START Task inputs

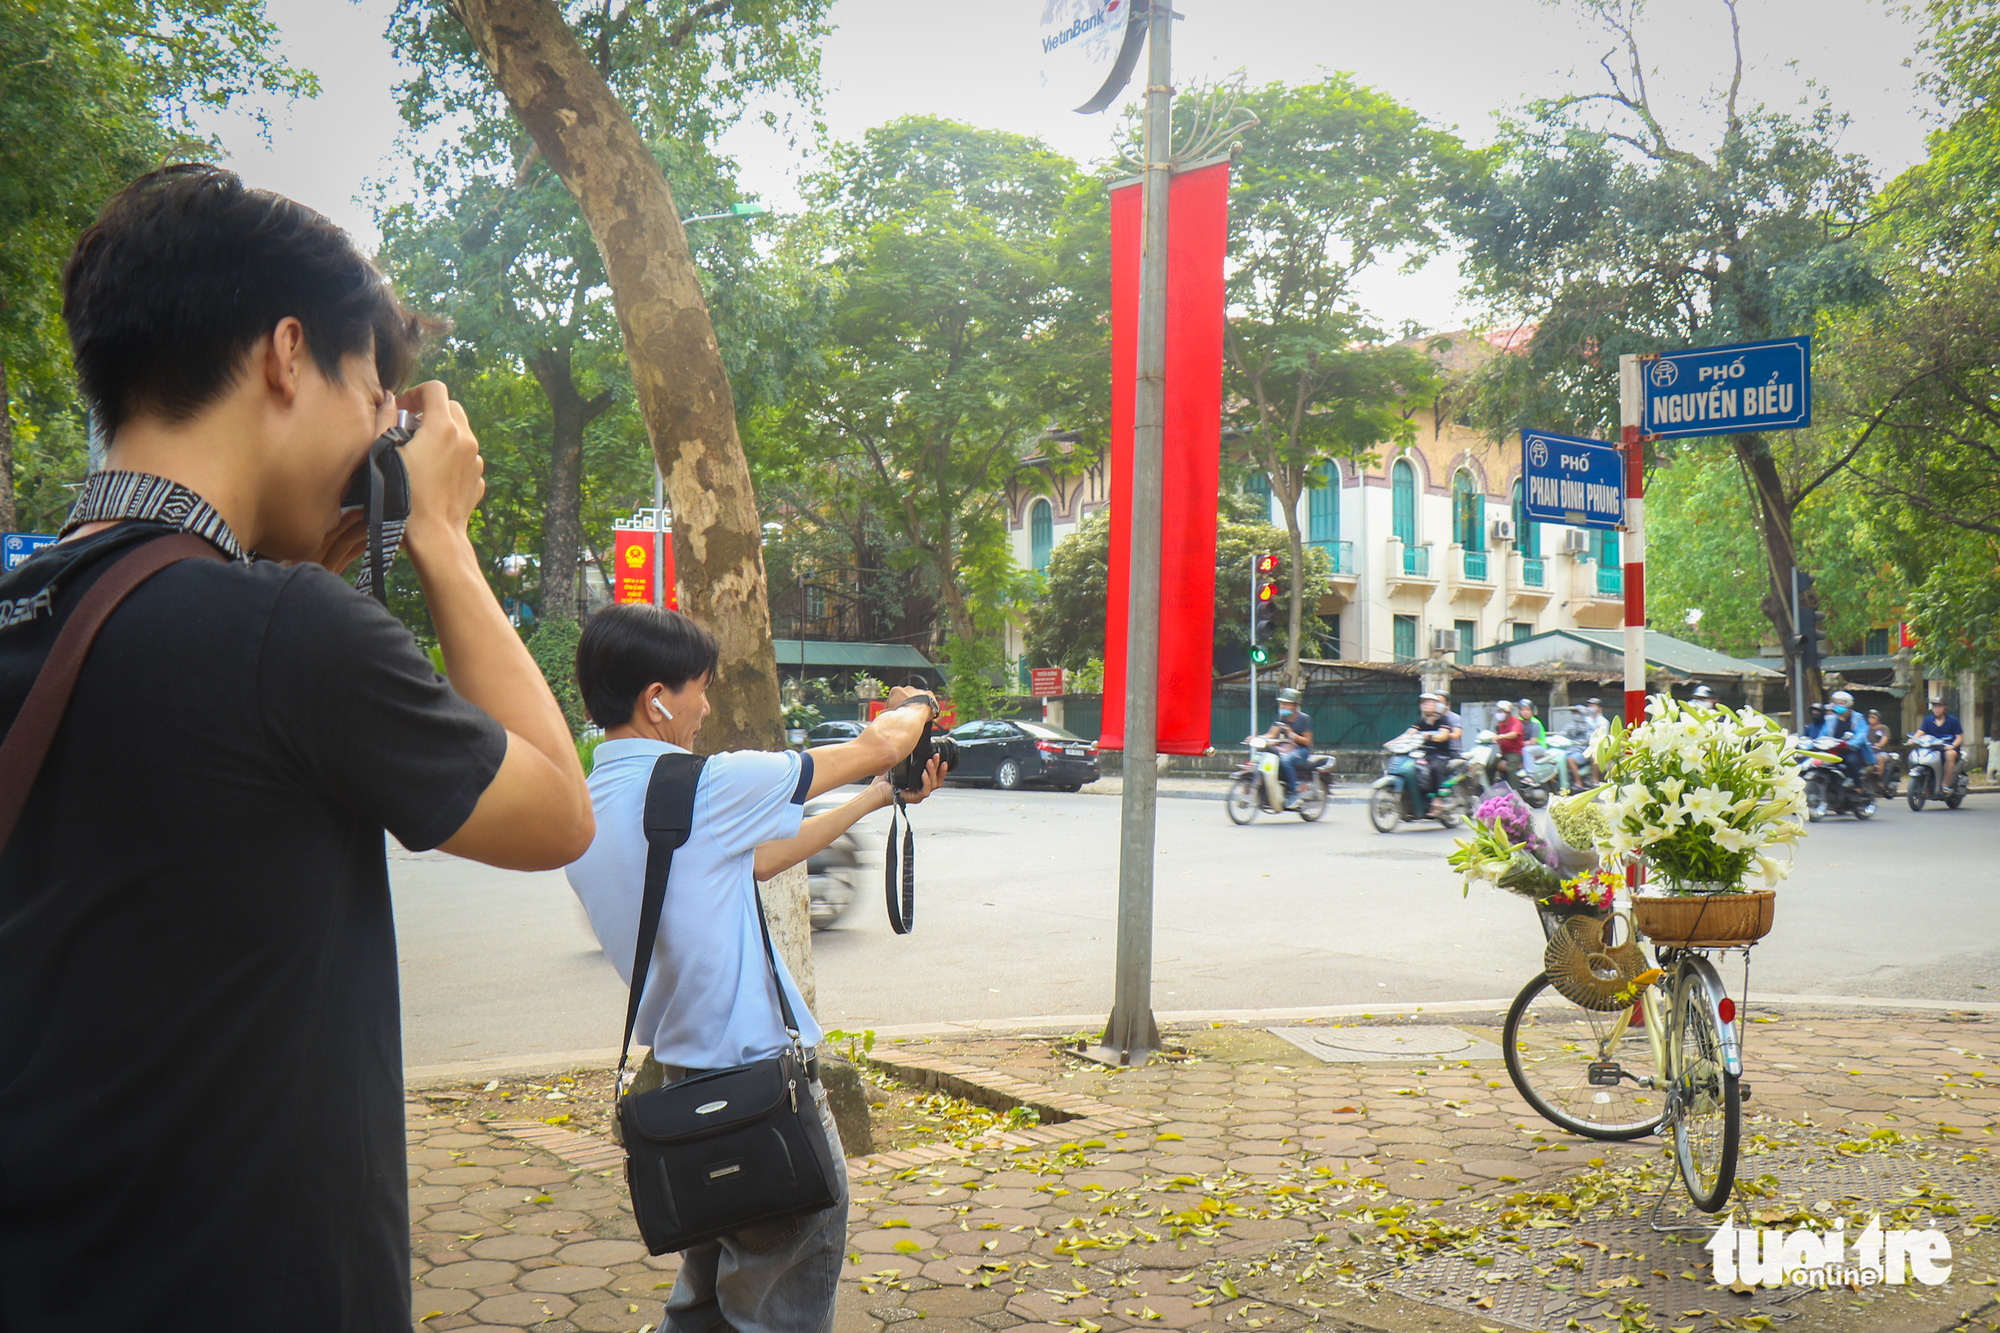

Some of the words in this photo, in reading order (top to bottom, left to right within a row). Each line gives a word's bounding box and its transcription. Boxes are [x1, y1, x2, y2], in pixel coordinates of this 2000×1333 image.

[1042, 8, 1105, 54] VietinBank
[1699, 355, 1746, 382] PHỐ
[1653, 381, 1737, 424] NGUYỄN
[1743, 371, 1794, 417] BIỂU
[1561, 452, 1592, 472] PHỐ
[1530, 475, 1559, 507] PHAN
[1560, 473, 1585, 510] ĐÌNH
[1587, 478, 1620, 514] PHÙNG

END Task inputs

◆ **Task**:
Your reply should be the entries above, repeated exactly and free of pictures.

◆ **Solution for this exercise**:
Some of the words in this photo, in reading order (top to bottom, left to right within a row). Each line gives a word's bounding box and its transcription. Boxes are [x1, y1, x2, y2], in pixel coordinates of this 2000×1333 image.

[1042, 8, 1105, 54] VietinBank
[1699, 355, 1746, 382] PHỐ
[1653, 381, 1737, 424] NGUYỄN
[1743, 371, 1794, 417] BIỂU
[1561, 452, 1592, 472] PHỐ
[1530, 475, 1559, 507] PHAN
[1560, 473, 1585, 510] ĐÌNH
[1587, 478, 1620, 514] PHÙNG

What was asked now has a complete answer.